- Brief -
Retype, without any change, the line that contains "this 2000×1331 image." and every line that follows it to the end of the entries, and nothing else.

- Supplied data -
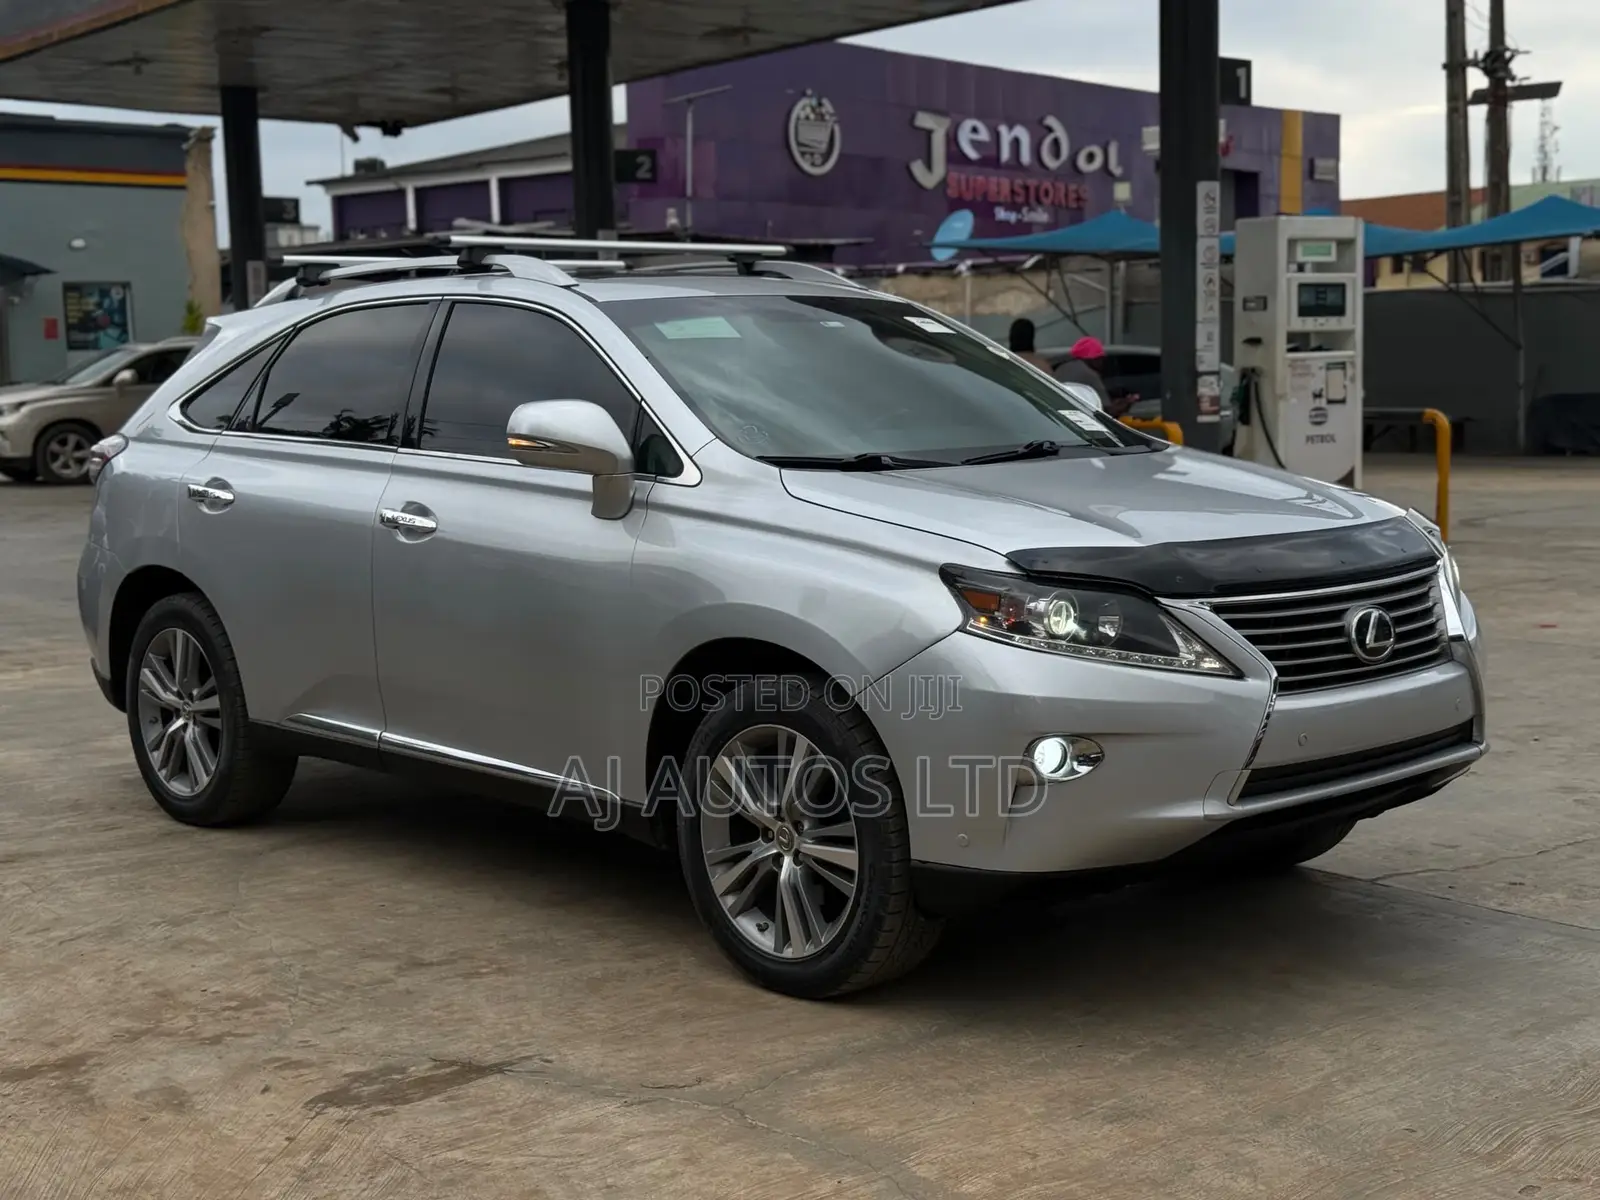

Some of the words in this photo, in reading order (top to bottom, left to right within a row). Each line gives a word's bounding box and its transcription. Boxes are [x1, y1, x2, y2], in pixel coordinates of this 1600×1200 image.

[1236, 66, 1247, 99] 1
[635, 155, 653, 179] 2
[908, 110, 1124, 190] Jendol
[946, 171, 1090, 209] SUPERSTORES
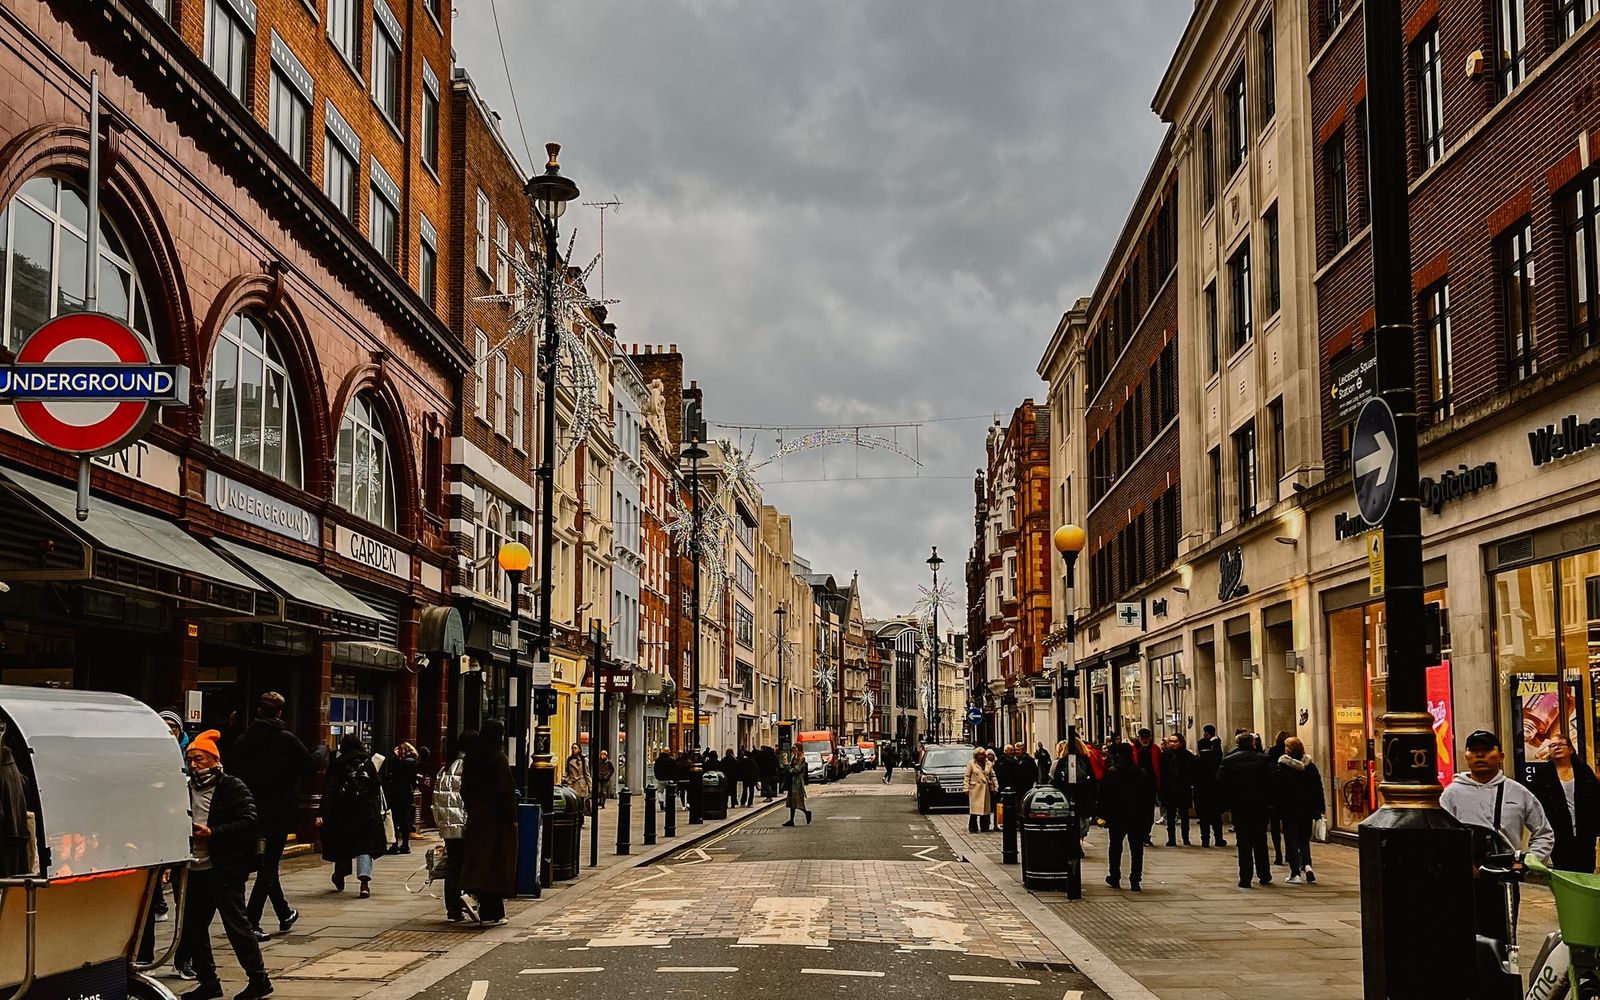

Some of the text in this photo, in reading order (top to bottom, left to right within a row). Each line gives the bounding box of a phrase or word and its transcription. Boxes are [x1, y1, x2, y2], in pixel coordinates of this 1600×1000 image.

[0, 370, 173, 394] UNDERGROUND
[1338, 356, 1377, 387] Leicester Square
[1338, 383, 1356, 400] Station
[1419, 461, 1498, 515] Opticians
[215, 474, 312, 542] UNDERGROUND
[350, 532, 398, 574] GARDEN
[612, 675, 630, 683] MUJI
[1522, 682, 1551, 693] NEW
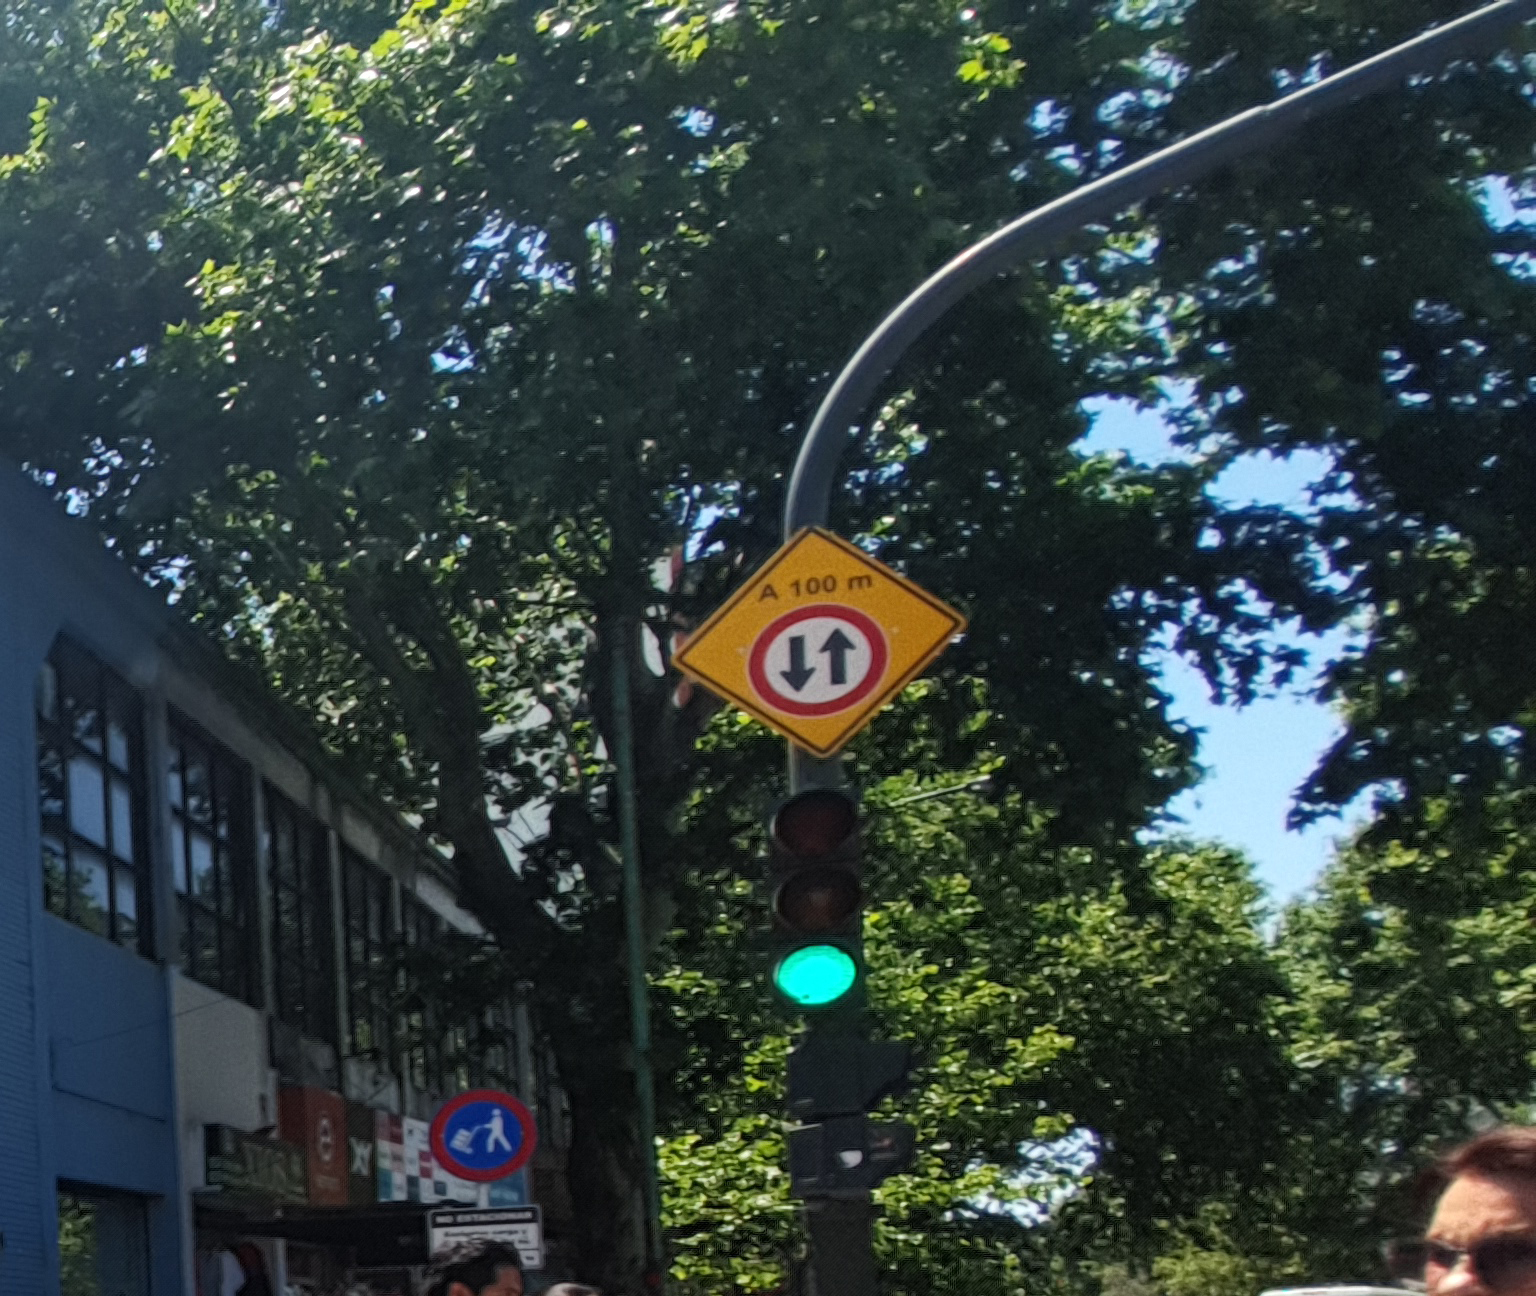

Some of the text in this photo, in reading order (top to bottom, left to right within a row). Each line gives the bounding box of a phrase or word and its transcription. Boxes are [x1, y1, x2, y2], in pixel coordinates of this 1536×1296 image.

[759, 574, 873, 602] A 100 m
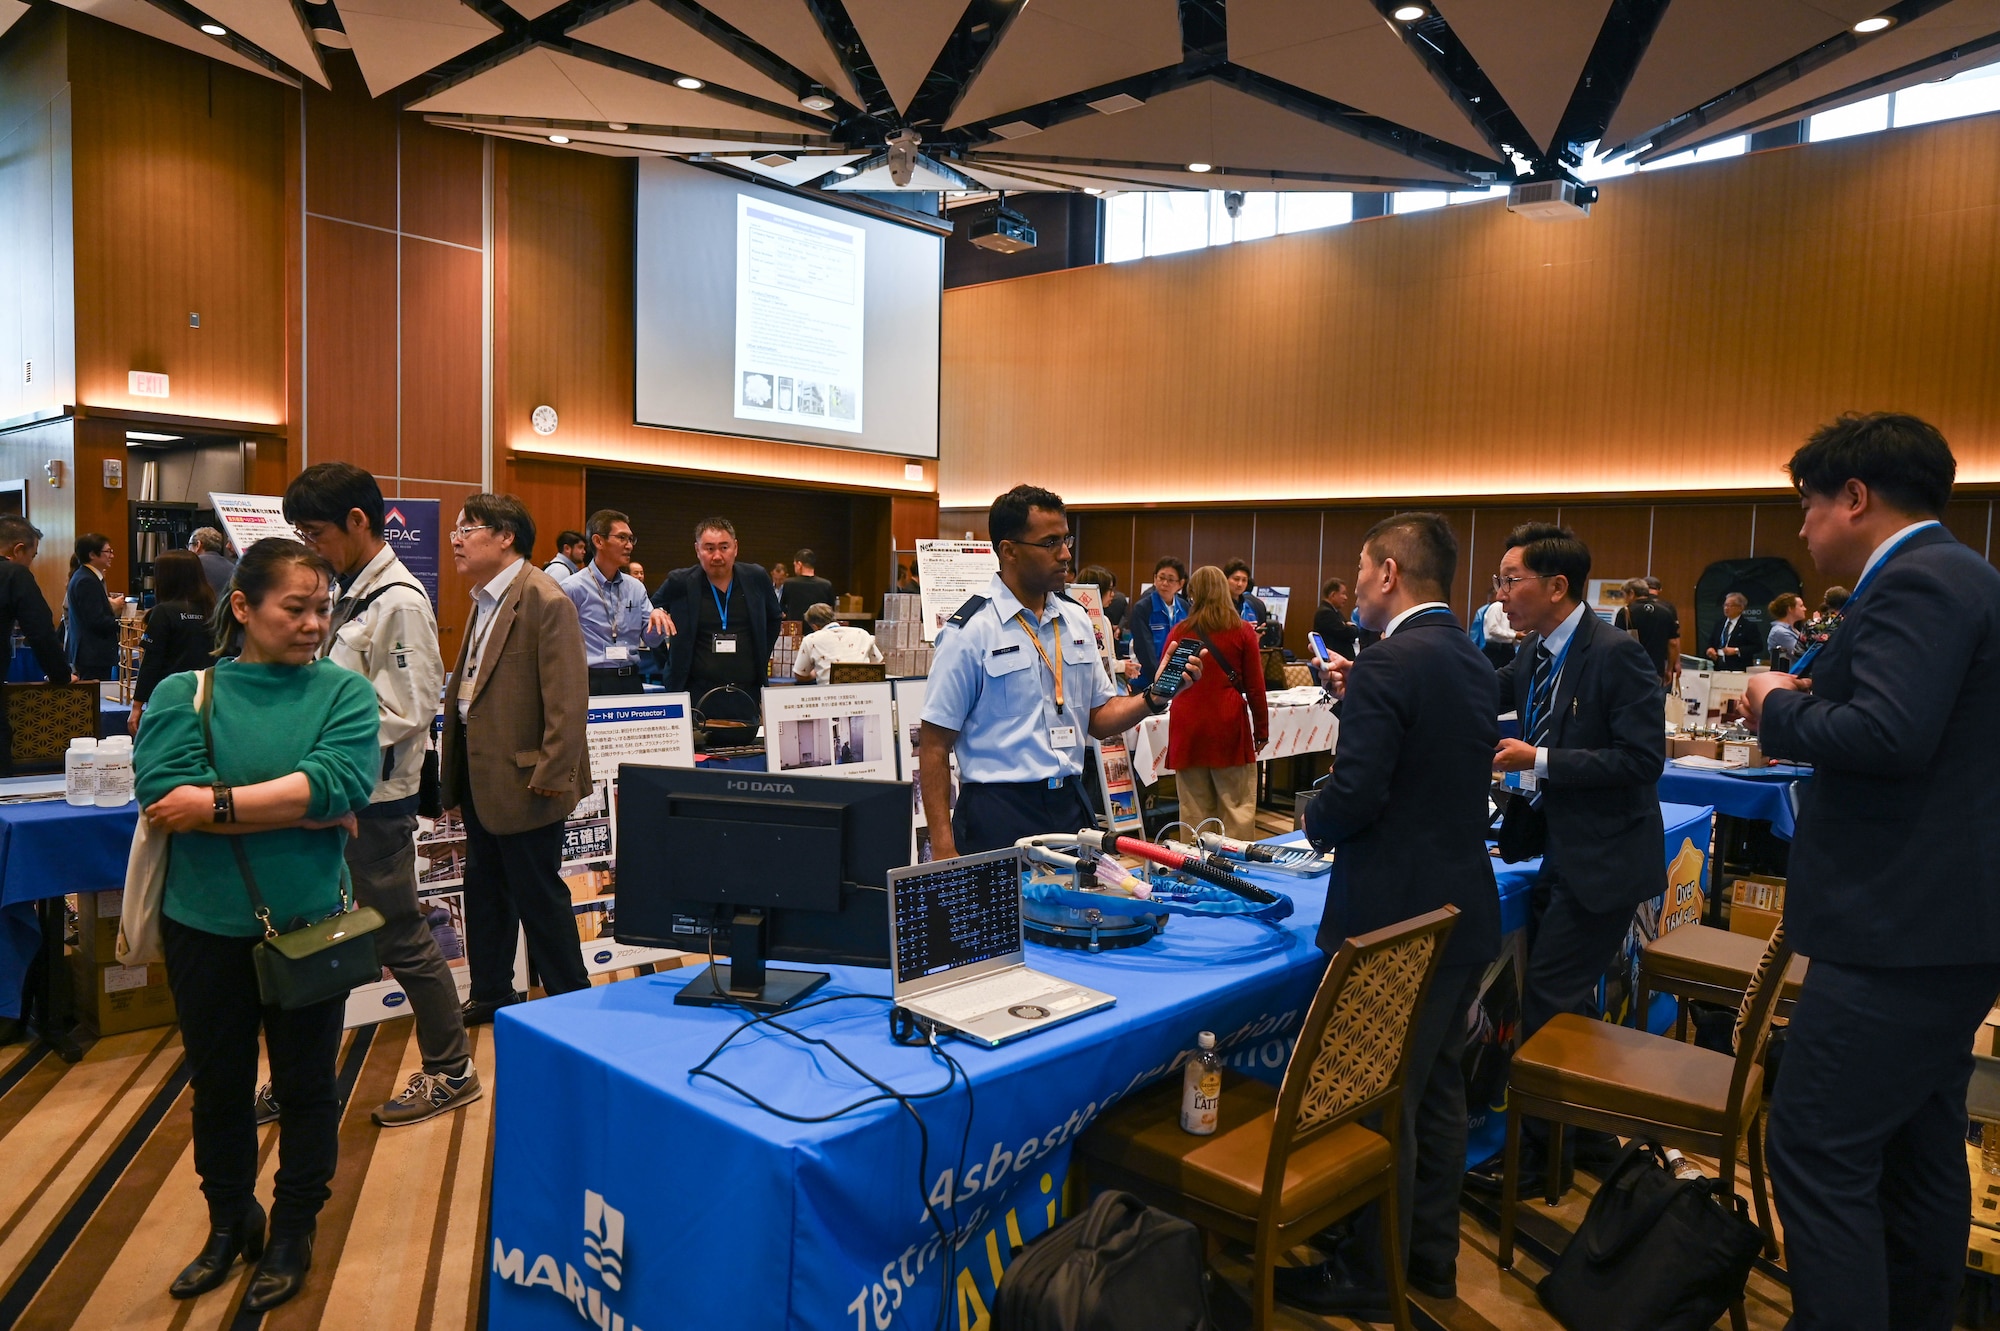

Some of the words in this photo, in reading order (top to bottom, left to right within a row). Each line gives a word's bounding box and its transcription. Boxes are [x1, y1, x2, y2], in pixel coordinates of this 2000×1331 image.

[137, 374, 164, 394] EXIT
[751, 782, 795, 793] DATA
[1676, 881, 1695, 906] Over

- Exercise result -
Some of the words in this photo, in reading order (top to bottom, left to right within a row). Each line gives a word's bounding box and its transcription. Boxes are [x1, y1, x2, y2], in pixel coordinates of this 2000×1331 image.

[137, 374, 164, 394] EXIT
[751, 782, 795, 793] DATA
[1676, 881, 1695, 906] Over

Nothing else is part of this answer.